What you need to do:
The entries should be given again so that each one matches the original exactly.

Data section:
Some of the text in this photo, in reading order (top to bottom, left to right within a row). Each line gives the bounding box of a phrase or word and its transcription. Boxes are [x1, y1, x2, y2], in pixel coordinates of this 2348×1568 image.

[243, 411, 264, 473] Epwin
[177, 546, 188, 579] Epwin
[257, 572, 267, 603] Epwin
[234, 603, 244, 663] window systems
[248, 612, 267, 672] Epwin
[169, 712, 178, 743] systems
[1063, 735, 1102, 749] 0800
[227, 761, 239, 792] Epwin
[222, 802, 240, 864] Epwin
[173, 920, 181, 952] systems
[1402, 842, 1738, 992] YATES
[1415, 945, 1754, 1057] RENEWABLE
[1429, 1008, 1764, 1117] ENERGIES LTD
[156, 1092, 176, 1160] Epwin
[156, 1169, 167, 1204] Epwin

Written solution:
Some of the text in this photo, in reading order (top to bottom, left to right within a row). Each line gives the bounding box of a phrase or word and its transcription. Boxes are [x1, y1, x2, y2], in pixel coordinates of this 2348×1568 image.

[243, 411, 264, 473] Epwin
[177, 546, 188, 579] Epwin
[257, 572, 267, 603] Epwin
[234, 603, 244, 663] window systems
[248, 612, 267, 672] Epwin
[169, 712, 178, 743] systems
[1063, 735, 1102, 749] 0800
[227, 761, 239, 792] Epwin
[222, 802, 240, 864] Epwin
[173, 920, 181, 952] systems
[1402, 842, 1738, 992] YATES
[1415, 945, 1754, 1057] RENEWABLE
[1429, 1008, 1764, 1117] ENERGIES LTD
[156, 1092, 176, 1160] Epwin
[156, 1169, 167, 1204] Epwin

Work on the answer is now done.